Monday, September 19, 2005

«É melhor que fale por nós a nossa vida, que as nossas palavras»*

Dulce Rocha, desde hoje ex-presidente da Comissão Nacional de Protecção das Crianças e Jovens em Risco, abandona as suas funções com críticas duras aos sucessivos governos, por falta de empenhamento sério destes nas questões dos jovens em risco. Tem a senhora toda a razão, e lembro que já aqui se referiu essa continuada demissão dos responsáveis políticos, que apenas reagem, mediaticamente e mal, no rescaldo de sevícias e morte violenta de crianças, infelizmente uma situação que se tem tornado habitual na sociedade portuguesa.
Acontece que, apesar de ter razão, as críticas de Dulce Rocha, no momento em que são proferidas, não deixam de parecer um acerto de contas, numa mal digerida saída do cargo, e uma justificação de “mau perdedor” sobre a obra que fica por fazer, tendo esta ex-responsável criado, com estas declarações, precedente para que se lhe possam pedir responsabilidades. Responsabilidades não pelo que deixa por fazer, mas por não ter publicamente denunciado, com a mesma veemência, transparência e zelo, as carências que agora reconhece terem sido uma constante nos serviços que tutelou durante dois anos. Sei como se espera de qualquer responsável, em situação idêntica, que tente convencer os governos a investirem mais e melhor no respectivo serviço, que procure encontrar melhores soluções com os meios de que dispõe, que faça por gerir o problema identificado na óptica do antes pouco do que nada, mas há áreas em que esta actuação, que alguns designam de institucionalmente solidária, outros de profissionalmente cautelar, mas a que eu prefiro, generosamente, apelidar de “low profile”, tem que ter um limite temporal restrito, sob pena de se porem em risco vidas humanas, como é este o caso.

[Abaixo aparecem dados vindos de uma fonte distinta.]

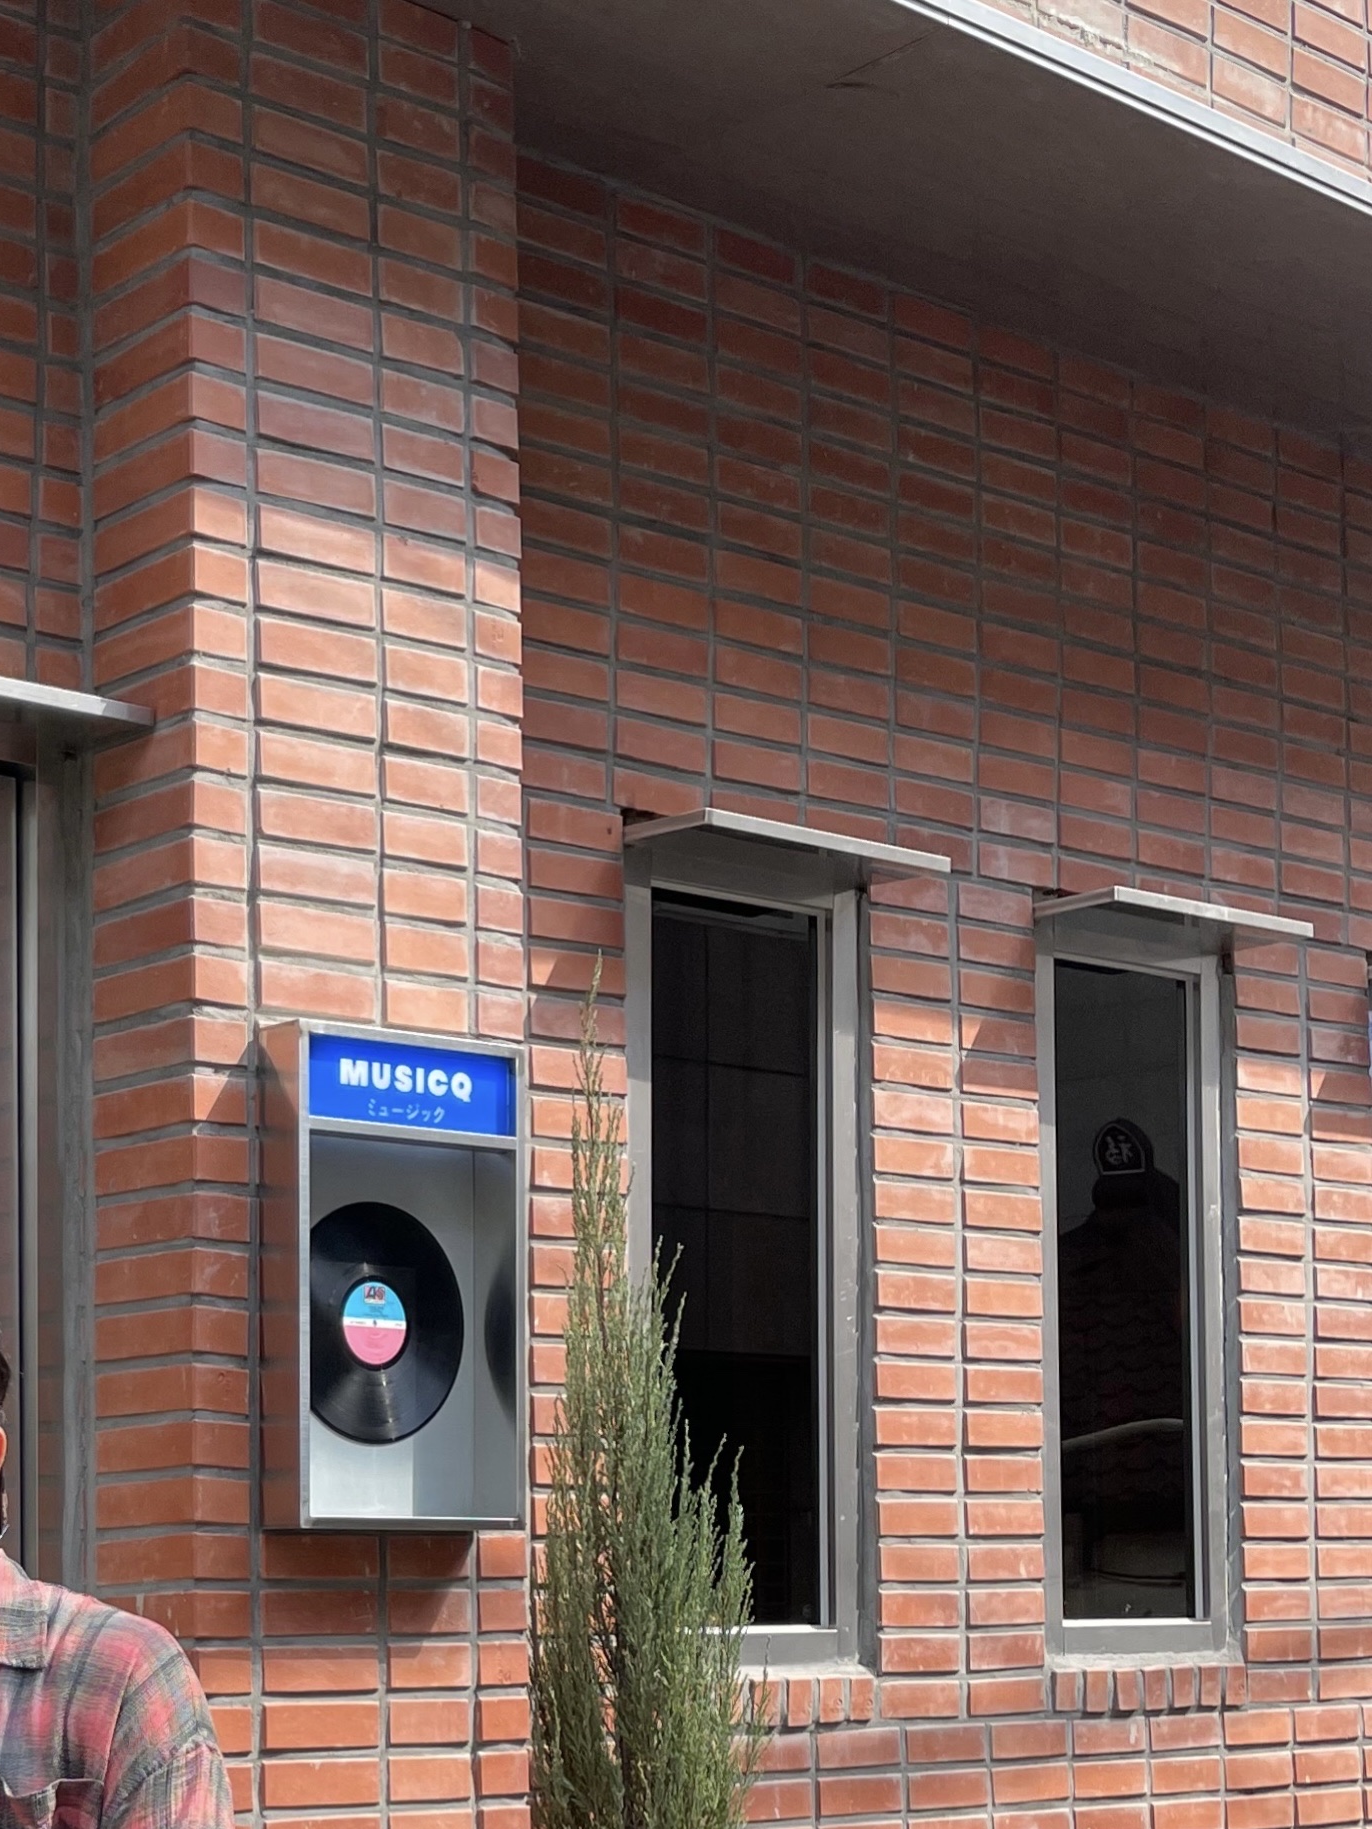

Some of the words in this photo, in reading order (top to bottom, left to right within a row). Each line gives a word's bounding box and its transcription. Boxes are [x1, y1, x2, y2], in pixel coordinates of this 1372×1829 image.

Dulce Rocha não poderia ter demorado dois anos “a virar a mesa”, não poderia ter ficado pacificamente à espera de ser substituída para vir para os jornais denunciar, alto e bom som, a situação. Exigia-se-lhe que, em nome dos jovens em risco, que hoje tanto a preocupam, tivesse tido a coragem de vir para a comunicação social denunciar carências, exigir recursos, usar, não em favor da sua actuação como presidente da CNPCJ, mas dos reais interesses daqueles que servia, todo o poder de dar visibilidade a uma situação, que um responsável, sobretudo quando lhe assiste razão, consegue ter quando decide publicitar a ruptura com o governo que o tutela. Os conformistas do politicamente correcto estarão a torcer-se com o que escrevo, ao advogar aqui uma atitude institucionalmente pouco correcta; dirão até que, se não tinha a senhora as condições de que precisava, deveria apenas ter-se demitido, silenciosa e formalmente, para que as regras da solidariedade institucional não fossem beliscadas; serão esses os mesmos que hoje lêem esta notícia e passam à frente, tranquilizados porque amanhã é vida nova, há outro responsável, e tudo volta ao normal. Volta, é certo, até à próxima saída e à nova nomeação, se o recém empossado não perceber que, neste cargo, antes de tudo o mais, o que se lhe exige é ser GENTE. Não conhecendo o senhor, na dúvida, permito-me especular sobre quantas mais Joanas, mais Andreias e mais Tiagos serão necessários para que se inverta a situação.